This is a cross-sectional study. Our objective is to survey spine surgeons' views of responsibility to reduce healthcare costs, enthusiasm for cost reduction strategies, and agreement regarding roles in cost containment. The rising cost of healthcare has spurred debate about reducing expenditures. Previous studies have found that attitudes of anesthesiologists are predominantly in alignment with those of American physicians, but less is known about the views of spine surgeons.

After obtaining institutional approval, an electronic survey was disseminated to active members of AO Spine North America (AOSNA) via email. Respondents were asked eight questions about their age, gender, years in practice, practice facility, political views and opinions regarding management of healthcare costs.

From 91 respondents, most were under the age of 60 years (87%), male (96%), and in practice for less than 30 years (91%), practiced at university hospitals (47%) and held politically conservative views (47%). Most responsibility was allocated to hospital and health systems, health insurance companies, pharmaceutical companies, and device manufacturers. Respondents were most enthusiastic about rooting out fraud and abuse and aware of their role in managing the cost of healthcare.
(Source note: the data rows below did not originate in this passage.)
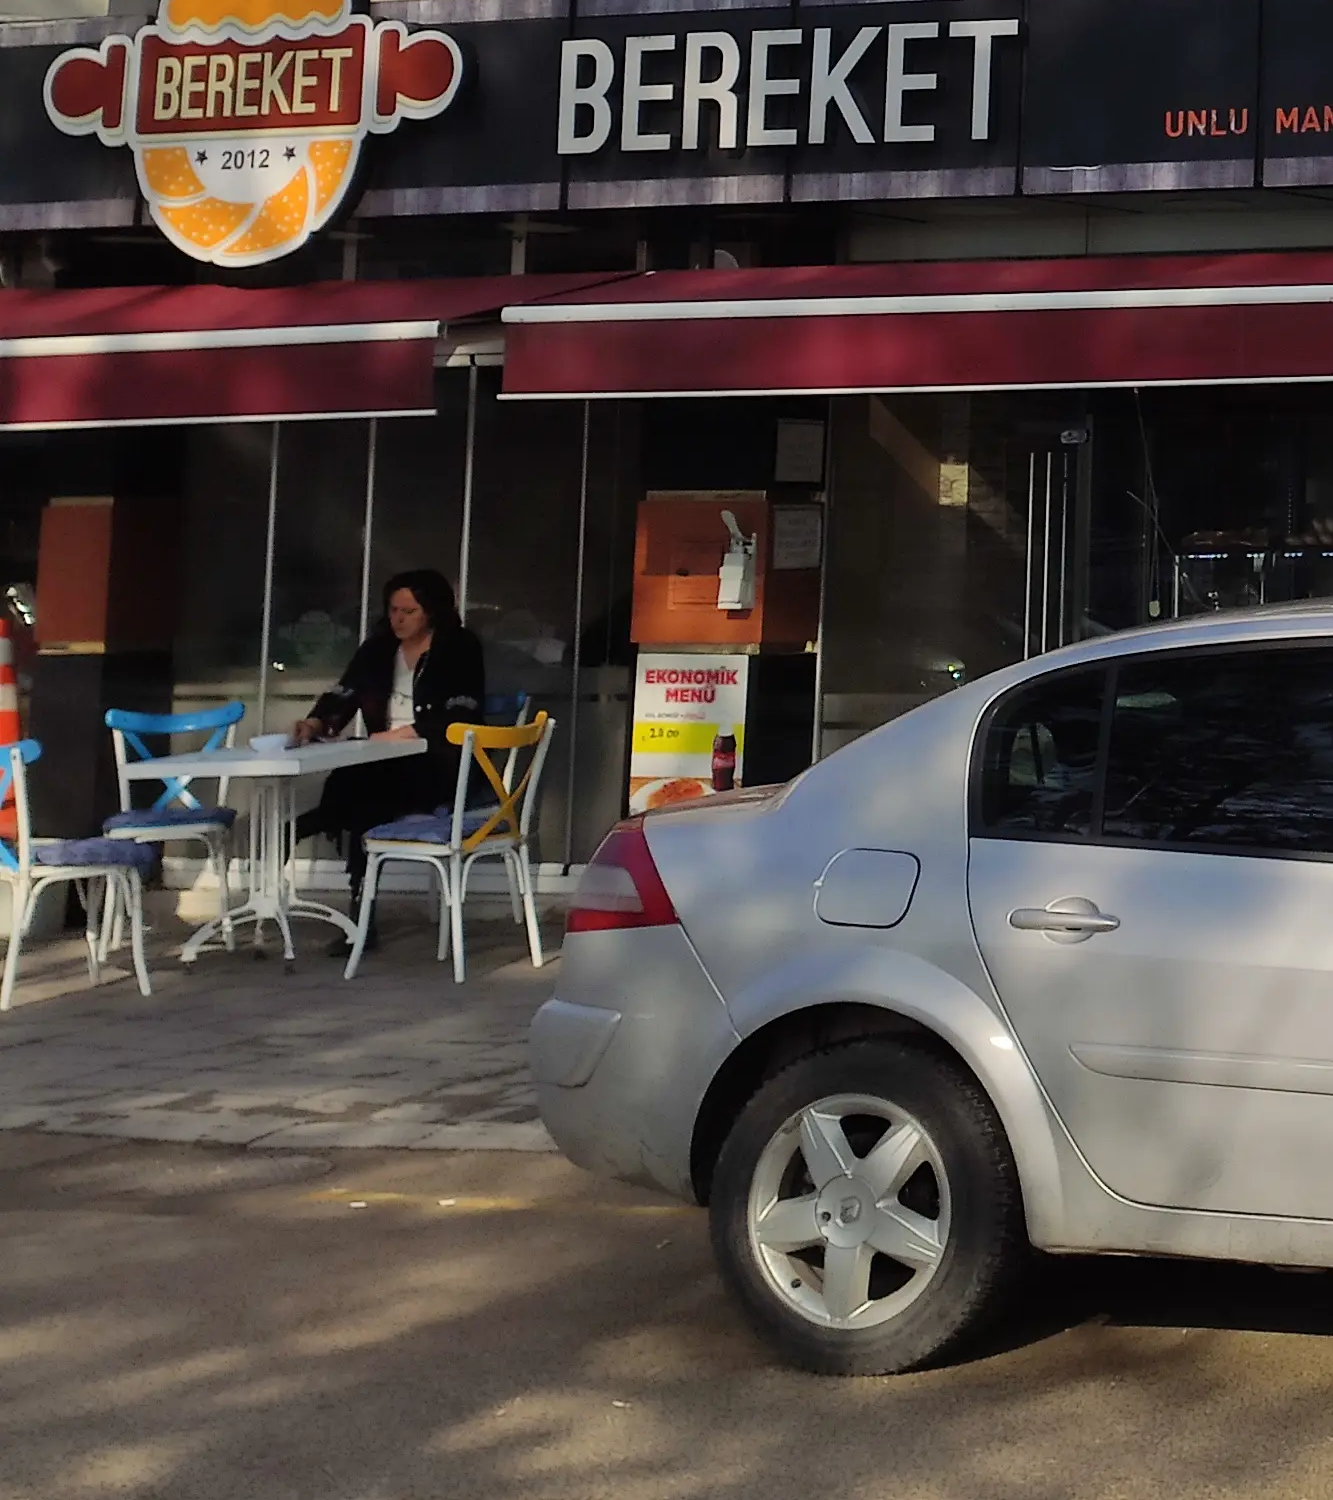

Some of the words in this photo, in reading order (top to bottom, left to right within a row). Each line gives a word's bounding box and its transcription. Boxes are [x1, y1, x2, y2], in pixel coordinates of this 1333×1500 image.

[153, 48, 354, 121] BEREKET
[556, 18, 1020, 156] BEREKET
[1164, 108, 1250, 139] UNLU
[220, 149, 271, 171] 2012
[645, 666, 739, 685] EKONOMİK
[665, 685, 716, 703] MENÜ
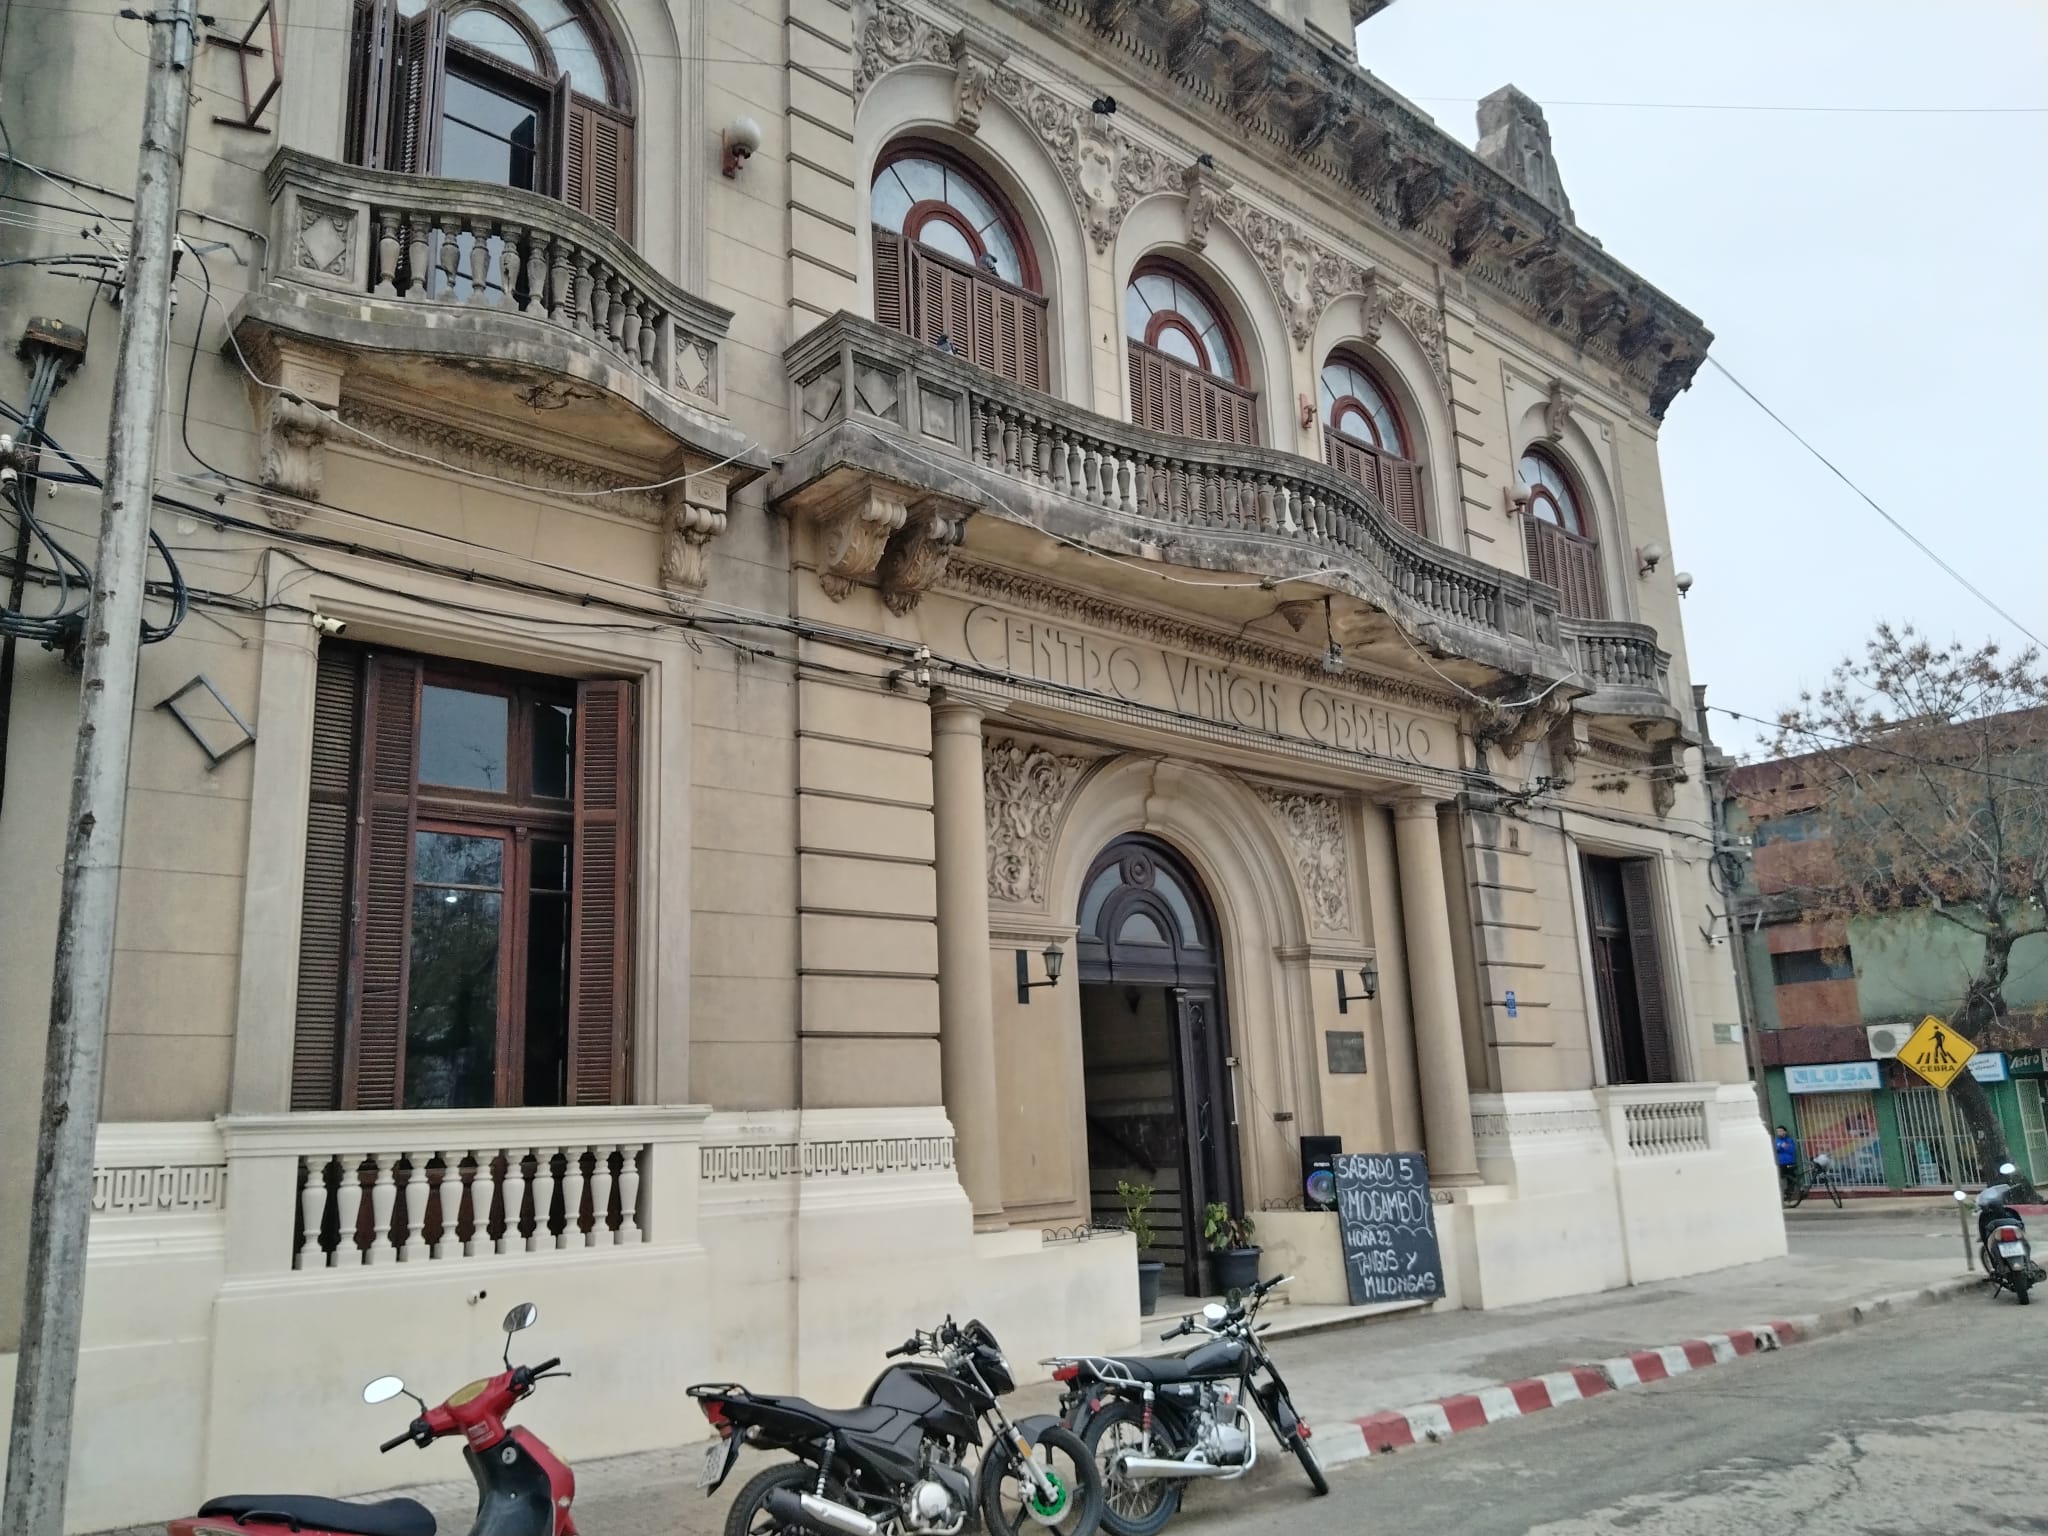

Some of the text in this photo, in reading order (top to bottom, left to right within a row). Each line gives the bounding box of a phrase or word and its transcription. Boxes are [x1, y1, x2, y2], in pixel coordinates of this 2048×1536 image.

[963, 604, 1142, 700] CENTRO
[1300, 687, 1432, 764] OBRERO
[1919, 1065, 1956, 1073] CEBRA
[1399, 1158, 1413, 1180] 5
[1348, 1190, 1424, 1223] MOGAMBO
[1347, 1230, 1393, 1247] HORA 22
[1350, 1249, 1417, 1277] TANGOS Y
[1364, 1271, 1436, 1298] MILONGAS
Spine surgeons who were in practice for longer were more enthusiastic about reducing cost by reducing overall physician reimbursement via bundled payments, Medicare payment reduction, ending fee-for-service, penalizing surgeons for patient readmissions, and lowering compensation to individual spine surgeons.
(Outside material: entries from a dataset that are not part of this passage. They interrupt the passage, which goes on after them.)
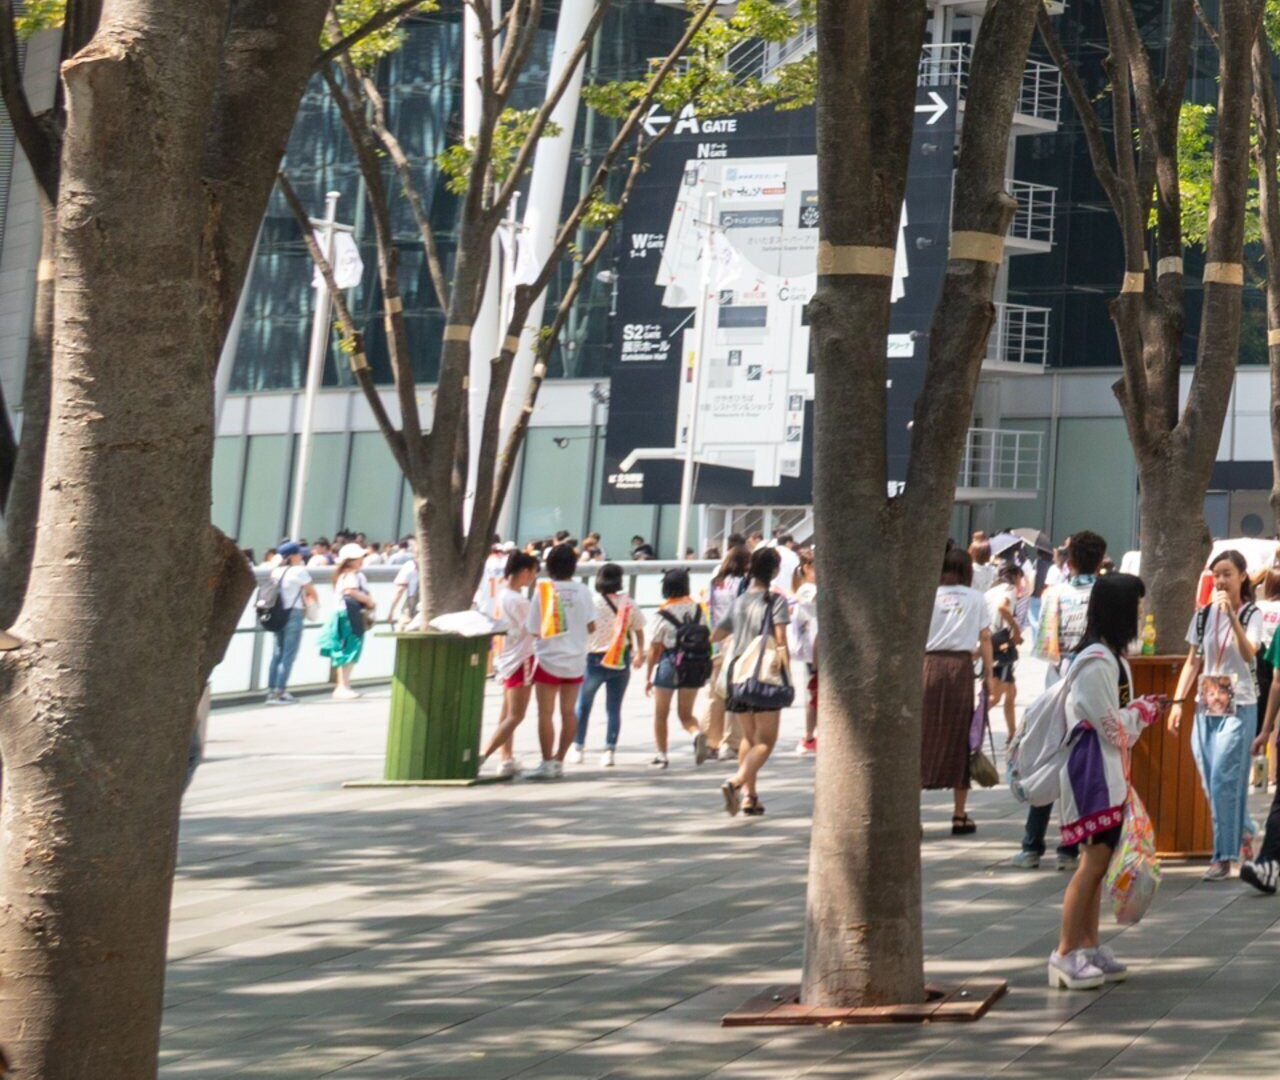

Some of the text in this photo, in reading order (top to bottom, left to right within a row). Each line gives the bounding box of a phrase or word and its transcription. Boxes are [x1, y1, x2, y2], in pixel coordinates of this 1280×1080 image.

[674, 104, 737, 134] A GATE
[698, 144, 710, 157] N
[632, 233, 648, 249] W
[778, 287, 789, 301] C
[623, 324, 644, 340] S2
Spine surgeons allocated responsibility to reduce healthcare costs to healthcare systems, were most enthusiastic about eliminating wasteful spending, and were in agreement regarding their responsibility to control the costs of healthcare. Compared to US physicians of various specialties and anesthesiologists, spine surgeons assigned less responsibility to trials lawyers and expressed markedly less enthusiasm for limiting access to expensive treatments.